Since traumatic injuries to the scapula and scapulothoracic articulation are rare, they have not been extensively covered in the literature. Scapular fractures account for 1% of all fractures and 3–5% of all fractures involving the shoulder girdle, making them comparatively uncommon injuries ^[1]. These fractures are typically caused by high-energy trauma. Since patients with scapular fractures commonly have multiple concurrent injuries involving the pulmonary system, cervical spine, or cranial region, the reported mortality rate for these individuals ranges from 10% to 15% ^[2]. The majority of scapular fractures can be satisfactorily treated without surgery. Because the scapula is surrounded by several muscles that give the bone a good vascular supply, scapular fractures usually heal successfully without surgery ^[3].

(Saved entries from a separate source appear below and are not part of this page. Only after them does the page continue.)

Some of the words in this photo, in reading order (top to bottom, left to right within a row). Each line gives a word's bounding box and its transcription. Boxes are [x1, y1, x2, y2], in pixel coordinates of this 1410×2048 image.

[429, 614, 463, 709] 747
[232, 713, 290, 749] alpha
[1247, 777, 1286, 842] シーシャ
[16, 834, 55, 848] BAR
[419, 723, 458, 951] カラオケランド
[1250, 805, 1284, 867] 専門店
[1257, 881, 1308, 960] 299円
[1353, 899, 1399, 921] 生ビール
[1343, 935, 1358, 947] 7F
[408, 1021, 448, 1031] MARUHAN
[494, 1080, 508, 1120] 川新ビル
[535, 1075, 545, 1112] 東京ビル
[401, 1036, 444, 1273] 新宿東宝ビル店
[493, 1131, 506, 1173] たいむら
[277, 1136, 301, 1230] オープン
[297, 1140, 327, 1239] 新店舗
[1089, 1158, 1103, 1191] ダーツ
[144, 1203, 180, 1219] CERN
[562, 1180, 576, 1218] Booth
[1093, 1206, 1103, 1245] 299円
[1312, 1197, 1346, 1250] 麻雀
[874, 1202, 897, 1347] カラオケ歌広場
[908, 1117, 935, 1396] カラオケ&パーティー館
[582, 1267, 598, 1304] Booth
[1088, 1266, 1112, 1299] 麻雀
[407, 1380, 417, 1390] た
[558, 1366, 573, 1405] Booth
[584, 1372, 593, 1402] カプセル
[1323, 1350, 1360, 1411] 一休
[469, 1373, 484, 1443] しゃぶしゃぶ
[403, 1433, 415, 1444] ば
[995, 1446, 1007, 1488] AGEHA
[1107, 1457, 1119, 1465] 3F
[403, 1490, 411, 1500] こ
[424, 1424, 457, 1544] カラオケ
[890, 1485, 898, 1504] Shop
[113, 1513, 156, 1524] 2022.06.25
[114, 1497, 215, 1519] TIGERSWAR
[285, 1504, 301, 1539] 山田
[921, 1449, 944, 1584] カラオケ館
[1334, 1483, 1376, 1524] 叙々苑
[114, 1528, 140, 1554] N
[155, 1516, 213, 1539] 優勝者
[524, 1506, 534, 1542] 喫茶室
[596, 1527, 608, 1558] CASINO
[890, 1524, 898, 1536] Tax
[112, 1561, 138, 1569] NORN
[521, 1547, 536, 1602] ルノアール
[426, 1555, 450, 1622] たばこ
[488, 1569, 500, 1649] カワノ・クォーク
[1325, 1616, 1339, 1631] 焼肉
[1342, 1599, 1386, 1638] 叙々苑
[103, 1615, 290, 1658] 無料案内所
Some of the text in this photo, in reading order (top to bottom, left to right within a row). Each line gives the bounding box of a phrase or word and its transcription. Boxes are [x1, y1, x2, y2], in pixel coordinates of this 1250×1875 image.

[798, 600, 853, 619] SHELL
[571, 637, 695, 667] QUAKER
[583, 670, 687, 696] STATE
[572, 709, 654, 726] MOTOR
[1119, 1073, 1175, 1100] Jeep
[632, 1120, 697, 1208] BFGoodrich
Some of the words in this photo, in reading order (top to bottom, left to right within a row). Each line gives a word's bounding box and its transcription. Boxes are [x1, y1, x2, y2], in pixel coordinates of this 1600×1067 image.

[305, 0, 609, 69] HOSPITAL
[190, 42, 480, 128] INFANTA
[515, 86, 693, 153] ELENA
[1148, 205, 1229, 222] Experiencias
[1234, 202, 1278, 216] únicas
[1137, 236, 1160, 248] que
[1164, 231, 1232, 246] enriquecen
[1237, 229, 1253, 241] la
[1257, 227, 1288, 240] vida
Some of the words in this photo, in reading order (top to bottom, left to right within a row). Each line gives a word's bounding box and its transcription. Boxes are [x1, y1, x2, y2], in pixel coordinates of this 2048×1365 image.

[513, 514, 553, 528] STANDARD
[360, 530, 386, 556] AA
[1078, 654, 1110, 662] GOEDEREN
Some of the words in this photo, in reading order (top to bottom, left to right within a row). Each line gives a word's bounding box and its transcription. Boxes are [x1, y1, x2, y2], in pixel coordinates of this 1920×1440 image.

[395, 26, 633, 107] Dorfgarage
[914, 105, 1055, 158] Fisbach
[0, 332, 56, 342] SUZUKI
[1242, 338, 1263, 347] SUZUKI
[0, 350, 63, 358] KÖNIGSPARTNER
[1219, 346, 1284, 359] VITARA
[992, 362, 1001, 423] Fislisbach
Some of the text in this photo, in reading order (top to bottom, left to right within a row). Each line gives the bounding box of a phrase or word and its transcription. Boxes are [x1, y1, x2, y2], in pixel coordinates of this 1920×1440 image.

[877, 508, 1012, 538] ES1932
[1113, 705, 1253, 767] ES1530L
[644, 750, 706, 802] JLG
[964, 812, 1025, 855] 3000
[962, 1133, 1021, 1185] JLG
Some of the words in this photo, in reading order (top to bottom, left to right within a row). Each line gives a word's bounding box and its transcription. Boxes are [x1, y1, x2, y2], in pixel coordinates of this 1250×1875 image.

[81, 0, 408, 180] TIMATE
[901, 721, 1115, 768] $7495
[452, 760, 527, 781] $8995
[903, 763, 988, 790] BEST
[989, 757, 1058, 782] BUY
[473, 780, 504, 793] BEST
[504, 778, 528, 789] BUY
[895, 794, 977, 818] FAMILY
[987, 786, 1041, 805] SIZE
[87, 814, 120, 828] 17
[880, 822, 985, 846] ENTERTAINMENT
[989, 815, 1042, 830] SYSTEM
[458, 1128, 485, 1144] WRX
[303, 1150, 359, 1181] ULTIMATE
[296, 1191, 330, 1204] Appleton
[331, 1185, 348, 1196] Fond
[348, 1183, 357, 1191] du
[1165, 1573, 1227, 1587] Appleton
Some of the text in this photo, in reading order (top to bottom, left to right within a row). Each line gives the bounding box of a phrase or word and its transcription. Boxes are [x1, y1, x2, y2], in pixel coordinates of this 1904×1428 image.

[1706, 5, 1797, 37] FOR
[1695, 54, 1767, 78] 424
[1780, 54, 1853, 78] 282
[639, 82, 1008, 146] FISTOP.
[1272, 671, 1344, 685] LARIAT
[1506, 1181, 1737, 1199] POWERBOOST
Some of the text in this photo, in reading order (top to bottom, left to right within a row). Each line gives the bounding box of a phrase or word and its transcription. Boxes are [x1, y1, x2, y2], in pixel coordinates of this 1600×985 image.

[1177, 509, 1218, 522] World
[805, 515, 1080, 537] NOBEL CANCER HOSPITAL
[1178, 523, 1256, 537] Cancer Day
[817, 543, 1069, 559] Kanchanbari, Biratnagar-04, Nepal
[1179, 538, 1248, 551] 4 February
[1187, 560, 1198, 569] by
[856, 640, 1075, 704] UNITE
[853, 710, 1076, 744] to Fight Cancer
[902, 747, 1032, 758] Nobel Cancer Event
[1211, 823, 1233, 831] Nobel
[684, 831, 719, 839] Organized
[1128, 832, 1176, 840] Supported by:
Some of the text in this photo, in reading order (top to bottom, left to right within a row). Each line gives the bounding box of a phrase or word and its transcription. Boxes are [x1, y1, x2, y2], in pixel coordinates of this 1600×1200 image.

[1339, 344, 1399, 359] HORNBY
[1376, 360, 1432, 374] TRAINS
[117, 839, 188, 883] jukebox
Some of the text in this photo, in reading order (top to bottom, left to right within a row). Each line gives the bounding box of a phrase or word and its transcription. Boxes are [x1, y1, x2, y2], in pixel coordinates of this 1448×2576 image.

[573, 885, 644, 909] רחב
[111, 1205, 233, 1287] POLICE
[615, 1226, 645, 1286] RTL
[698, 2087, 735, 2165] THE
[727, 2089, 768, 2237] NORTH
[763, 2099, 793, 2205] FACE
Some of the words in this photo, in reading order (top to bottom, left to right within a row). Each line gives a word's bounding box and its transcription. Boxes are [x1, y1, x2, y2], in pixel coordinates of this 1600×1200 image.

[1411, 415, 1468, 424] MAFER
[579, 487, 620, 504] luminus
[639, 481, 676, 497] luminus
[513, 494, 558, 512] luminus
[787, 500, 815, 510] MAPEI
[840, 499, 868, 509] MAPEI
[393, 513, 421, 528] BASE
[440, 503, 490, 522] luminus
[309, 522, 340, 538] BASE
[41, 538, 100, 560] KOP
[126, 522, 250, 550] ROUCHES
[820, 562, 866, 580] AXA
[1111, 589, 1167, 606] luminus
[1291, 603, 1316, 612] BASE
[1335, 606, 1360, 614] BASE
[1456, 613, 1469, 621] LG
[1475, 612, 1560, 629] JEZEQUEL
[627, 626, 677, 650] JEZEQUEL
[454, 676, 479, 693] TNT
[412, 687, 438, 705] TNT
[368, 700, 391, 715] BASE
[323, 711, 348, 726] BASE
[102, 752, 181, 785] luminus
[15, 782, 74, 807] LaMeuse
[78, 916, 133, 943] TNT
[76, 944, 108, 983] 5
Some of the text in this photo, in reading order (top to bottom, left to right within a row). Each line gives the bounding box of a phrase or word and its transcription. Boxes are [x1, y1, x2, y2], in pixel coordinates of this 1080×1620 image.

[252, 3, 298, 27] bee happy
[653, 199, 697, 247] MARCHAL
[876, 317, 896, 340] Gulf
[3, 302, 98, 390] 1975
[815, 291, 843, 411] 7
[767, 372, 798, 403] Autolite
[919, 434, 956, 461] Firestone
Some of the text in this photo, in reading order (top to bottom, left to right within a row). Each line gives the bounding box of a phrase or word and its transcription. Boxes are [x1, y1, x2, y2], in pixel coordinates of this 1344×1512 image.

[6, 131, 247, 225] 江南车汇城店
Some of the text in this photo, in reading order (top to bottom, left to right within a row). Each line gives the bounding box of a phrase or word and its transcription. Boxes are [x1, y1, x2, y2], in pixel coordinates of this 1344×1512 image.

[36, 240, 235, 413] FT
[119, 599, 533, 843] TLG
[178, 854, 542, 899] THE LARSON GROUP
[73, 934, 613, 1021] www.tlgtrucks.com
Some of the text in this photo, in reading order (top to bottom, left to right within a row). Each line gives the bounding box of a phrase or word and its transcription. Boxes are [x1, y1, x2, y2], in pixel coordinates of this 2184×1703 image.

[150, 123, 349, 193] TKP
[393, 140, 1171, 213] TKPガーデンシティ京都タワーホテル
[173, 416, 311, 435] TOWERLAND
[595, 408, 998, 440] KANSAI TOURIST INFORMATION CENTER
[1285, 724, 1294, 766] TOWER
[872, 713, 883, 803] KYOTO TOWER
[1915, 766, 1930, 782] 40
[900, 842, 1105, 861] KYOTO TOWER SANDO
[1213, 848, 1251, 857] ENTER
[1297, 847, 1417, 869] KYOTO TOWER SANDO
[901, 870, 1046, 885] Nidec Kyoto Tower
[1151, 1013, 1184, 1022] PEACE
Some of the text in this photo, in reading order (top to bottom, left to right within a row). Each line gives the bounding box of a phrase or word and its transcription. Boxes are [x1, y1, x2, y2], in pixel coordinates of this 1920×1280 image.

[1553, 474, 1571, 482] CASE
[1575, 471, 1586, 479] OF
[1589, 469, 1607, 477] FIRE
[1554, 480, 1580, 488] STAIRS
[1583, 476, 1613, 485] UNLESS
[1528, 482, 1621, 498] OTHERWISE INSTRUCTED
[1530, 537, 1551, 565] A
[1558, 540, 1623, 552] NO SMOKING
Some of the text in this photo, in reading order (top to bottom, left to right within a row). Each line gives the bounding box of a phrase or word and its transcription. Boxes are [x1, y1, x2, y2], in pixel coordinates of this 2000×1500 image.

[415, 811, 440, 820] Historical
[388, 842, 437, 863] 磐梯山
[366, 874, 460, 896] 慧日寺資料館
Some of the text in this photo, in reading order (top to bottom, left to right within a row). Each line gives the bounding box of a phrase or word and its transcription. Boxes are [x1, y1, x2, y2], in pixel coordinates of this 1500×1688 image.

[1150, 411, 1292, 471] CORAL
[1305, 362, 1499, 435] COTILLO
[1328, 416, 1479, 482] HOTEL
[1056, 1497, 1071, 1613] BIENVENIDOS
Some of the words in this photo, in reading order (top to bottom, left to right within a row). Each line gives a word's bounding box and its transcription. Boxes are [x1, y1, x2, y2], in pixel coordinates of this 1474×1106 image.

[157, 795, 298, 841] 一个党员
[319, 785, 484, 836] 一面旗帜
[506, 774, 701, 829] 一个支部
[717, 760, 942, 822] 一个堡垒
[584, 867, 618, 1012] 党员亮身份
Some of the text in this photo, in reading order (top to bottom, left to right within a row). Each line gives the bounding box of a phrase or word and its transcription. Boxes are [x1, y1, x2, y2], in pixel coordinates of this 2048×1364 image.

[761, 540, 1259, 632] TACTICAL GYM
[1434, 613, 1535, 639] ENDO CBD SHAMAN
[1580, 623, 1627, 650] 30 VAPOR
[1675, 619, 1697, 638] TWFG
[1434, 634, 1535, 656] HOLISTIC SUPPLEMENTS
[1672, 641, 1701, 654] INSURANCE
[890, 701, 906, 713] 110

According to reports, arthrosis, rotator cuff dysfunction, scapulothoracic dyskinesis, and impingement pain all contributed to decreased shoulder function after nonsurgical therapy. In addition, it was noted that surgical intervention for scapular fractures produced better results and a higher functional recovery ^[4,5]. When there is 2 cm medialization of the lateral column or when the scapular body is angulated more than 40°, open reduction and internal fixation (ORIF) is frequently carried out ^[6]. We present a case report of an isolated extraarticular scapular fracture with significant displacement of the lateral column managed with ORIF using reconstruction plates.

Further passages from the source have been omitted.